*** Records for processing ***

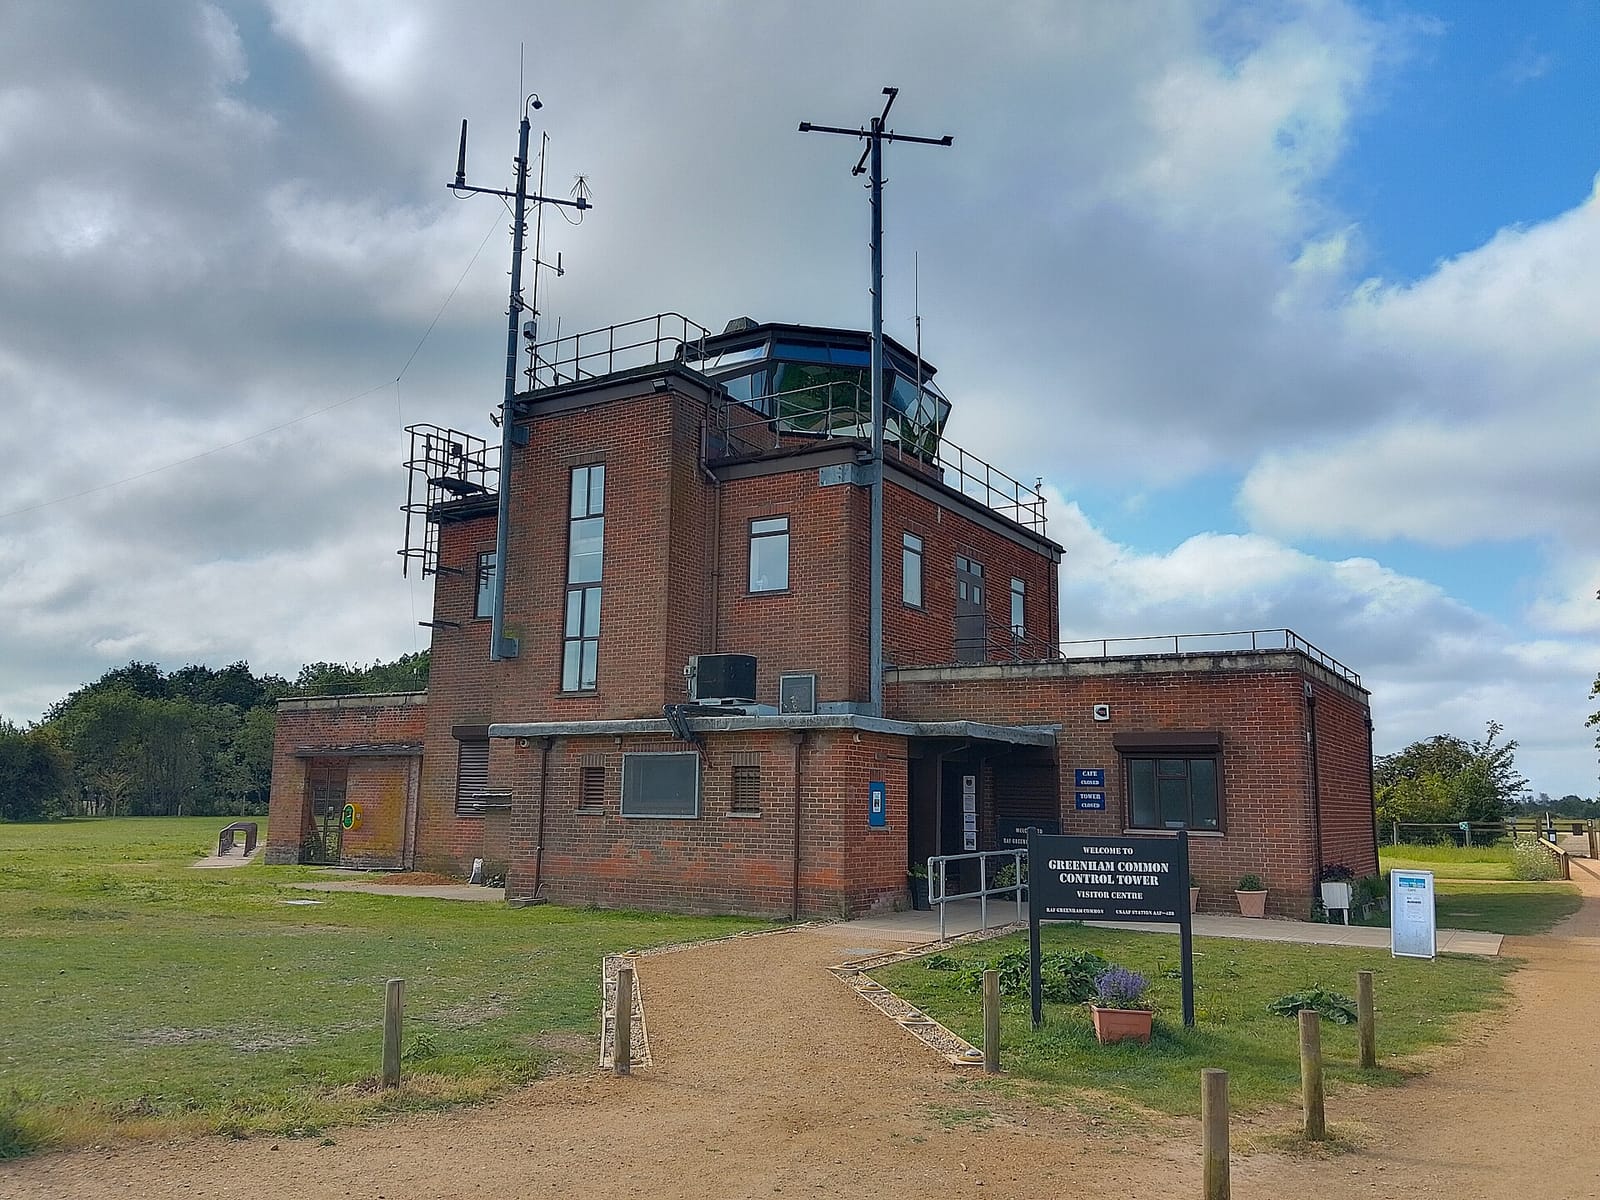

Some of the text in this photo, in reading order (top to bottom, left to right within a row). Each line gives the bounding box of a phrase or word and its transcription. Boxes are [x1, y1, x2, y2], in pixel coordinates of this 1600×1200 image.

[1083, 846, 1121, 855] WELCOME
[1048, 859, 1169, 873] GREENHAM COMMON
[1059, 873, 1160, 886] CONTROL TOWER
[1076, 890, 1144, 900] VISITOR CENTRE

*** End of Records for processing ***

▶ **What you are asked to do**:
Write out every entry above exactly as it stands, minus the pictures.

▶ **Solution**:
Some of the text in this photo, in reading order (top to bottom, left to right within a row). Each line gives the bounding box of a phrase or word and its transcription. Boxes are [x1, y1, x2, y2], in pixel coordinates of this 1600×1200 image.

[1083, 846, 1121, 855] WELCOME
[1048, 859, 1169, 873] GREENHAM COMMON
[1059, 873, 1160, 886] CONTROL TOWER
[1076, 890, 1144, 900] VISITOR CENTRE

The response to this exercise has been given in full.